What this task involves:
The reply has to contain each record exactly as written.

#### Extracted data

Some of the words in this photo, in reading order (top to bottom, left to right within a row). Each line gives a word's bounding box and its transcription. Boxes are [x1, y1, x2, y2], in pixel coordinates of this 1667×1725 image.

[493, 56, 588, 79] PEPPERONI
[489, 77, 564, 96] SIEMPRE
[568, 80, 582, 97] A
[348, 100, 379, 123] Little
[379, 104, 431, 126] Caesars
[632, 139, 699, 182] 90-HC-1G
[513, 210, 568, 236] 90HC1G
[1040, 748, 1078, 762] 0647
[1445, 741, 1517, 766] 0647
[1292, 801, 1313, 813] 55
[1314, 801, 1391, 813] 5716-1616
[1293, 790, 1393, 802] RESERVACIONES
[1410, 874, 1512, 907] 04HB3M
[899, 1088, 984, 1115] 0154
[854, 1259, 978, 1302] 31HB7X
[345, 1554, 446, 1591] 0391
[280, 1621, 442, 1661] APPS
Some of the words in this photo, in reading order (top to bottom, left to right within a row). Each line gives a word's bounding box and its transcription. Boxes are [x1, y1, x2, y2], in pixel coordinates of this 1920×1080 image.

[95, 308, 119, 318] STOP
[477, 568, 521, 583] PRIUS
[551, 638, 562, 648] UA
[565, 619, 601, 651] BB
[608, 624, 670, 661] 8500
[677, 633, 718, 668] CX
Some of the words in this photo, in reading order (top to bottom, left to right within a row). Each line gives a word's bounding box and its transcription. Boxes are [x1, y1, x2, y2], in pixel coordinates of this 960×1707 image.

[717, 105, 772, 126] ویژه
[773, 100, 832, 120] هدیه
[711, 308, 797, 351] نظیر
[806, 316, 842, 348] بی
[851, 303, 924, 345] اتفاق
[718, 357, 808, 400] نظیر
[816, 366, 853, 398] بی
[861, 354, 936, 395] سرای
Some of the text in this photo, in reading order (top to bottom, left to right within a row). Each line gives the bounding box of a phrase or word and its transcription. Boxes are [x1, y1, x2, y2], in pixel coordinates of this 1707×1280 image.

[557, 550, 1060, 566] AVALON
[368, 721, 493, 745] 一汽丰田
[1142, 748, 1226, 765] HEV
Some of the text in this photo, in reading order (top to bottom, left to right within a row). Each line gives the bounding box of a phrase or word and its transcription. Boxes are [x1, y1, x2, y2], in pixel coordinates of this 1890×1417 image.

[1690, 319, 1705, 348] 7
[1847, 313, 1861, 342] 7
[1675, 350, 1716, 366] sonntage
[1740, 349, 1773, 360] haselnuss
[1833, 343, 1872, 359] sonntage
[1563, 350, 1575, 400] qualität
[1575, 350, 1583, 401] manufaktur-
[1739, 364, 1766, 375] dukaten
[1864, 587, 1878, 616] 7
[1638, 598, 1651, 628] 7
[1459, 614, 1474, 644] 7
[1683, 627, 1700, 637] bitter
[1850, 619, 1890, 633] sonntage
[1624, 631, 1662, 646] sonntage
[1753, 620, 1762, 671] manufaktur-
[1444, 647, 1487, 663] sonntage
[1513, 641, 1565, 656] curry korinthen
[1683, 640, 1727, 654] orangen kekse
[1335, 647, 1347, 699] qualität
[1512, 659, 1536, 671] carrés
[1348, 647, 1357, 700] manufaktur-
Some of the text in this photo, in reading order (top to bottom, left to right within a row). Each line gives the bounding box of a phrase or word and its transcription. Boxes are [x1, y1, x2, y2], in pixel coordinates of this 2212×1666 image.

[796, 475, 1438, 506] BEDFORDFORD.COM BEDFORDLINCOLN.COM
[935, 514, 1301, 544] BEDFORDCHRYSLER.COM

########

Answer to this problem:
Some of the words in this photo, in reading order (top to bottom, left to right within a row). Each line gives a word's bounding box and its transcription. Boxes are [x1, y1, x2, y2], in pixel coordinates of this 1667×1725 image.

[493, 56, 588, 79] PEPPERONI
[489, 77, 564, 96] SIEMPRE
[568, 80, 582, 97] A
[348, 100, 379, 123] Little
[379, 104, 431, 126] Caesars
[632, 139, 699, 182] 90-HC-1G
[513, 210, 568, 236] 90HC1G
[1040, 748, 1078, 762] 0647
[1445, 741, 1517, 766] 0647
[1292, 801, 1313, 813] 55
[1314, 801, 1391, 813] 5716-1616
[1293, 790, 1393, 802] RESERVACIONES
[1410, 874, 1512, 907] 04HB3M
[899, 1088, 984, 1115] 0154
[854, 1259, 978, 1302] 31HB7X
[345, 1554, 446, 1591] 0391
[280, 1621, 442, 1661] APPS
Some of the words in this photo, in reading order (top to bottom, left to right within a row). Each line gives a word's bounding box and its transcription. Boxes are [x1, y1, x2, y2], in pixel coordinates of this 1920×1080 image.

[95, 308, 119, 318] STOP
[477, 568, 521, 583] PRIUS
[551, 638, 562, 648] UA
[565, 619, 601, 651] BB
[608, 624, 670, 661] 8500
[677, 633, 718, 668] CX
Some of the words in this photo, in reading order (top to bottom, left to right within a row). Each line gives a word's bounding box and its transcription. Boxes are [x1, y1, x2, y2], in pixel coordinates of this 960×1707 image.

[717, 105, 772, 126] ویژه
[773, 100, 832, 120] هدیه
[711, 308, 797, 351] نظیر
[806, 316, 842, 348] بی
[851, 303, 924, 345] اتفاق
[718, 357, 808, 400] نظیر
[816, 366, 853, 398] بی
[861, 354, 936, 395] سرای
Some of the text in this photo, in reading order (top to bottom, left to right within a row). Each line gives the bounding box of a phrase or word and its transcription. Boxes are [x1, y1, x2, y2], in pixel coordinates of this 1707×1280 image.

[557, 550, 1060, 566] AVALON
[368, 721, 493, 745] 一汽丰田
[1142, 748, 1226, 765] HEV
Some of the text in this photo, in reading order (top to bottom, left to right within a row). Each line gives the bounding box of a phrase or word and its transcription. Boxes are [x1, y1, x2, y2], in pixel coordinates of this 1890×1417 image.

[1690, 319, 1705, 348] 7
[1847, 313, 1861, 342] 7
[1675, 350, 1716, 366] sonntage
[1740, 349, 1773, 360] haselnuss
[1833, 343, 1872, 359] sonntage
[1563, 350, 1575, 400] qualität
[1575, 350, 1583, 401] manufaktur-
[1739, 364, 1766, 375] dukaten
[1864, 587, 1878, 616] 7
[1638, 598, 1651, 628] 7
[1459, 614, 1474, 644] 7
[1683, 627, 1700, 637] bitter
[1850, 619, 1890, 633] sonntage
[1624, 631, 1662, 646] sonntage
[1753, 620, 1762, 671] manufaktur-
[1444, 647, 1487, 663] sonntage
[1513, 641, 1565, 656] curry korinthen
[1683, 640, 1727, 654] orangen kekse
[1335, 647, 1347, 699] qualität
[1512, 659, 1536, 671] carrés
[1348, 647, 1357, 700] manufaktur-
Some of the text in this photo, in reading order (top to bottom, left to right within a row). Each line gives the bounding box of a phrase or word and its transcription. Boxes are [x1, y1, x2, y2], in pixel coordinates of this 2212×1666 image.

[796, 475, 1438, 506] BEDFORDFORD.COM BEDFORDLINCOLN.COM
[935, 514, 1301, 544] BEDFORDCHRYSLER.COM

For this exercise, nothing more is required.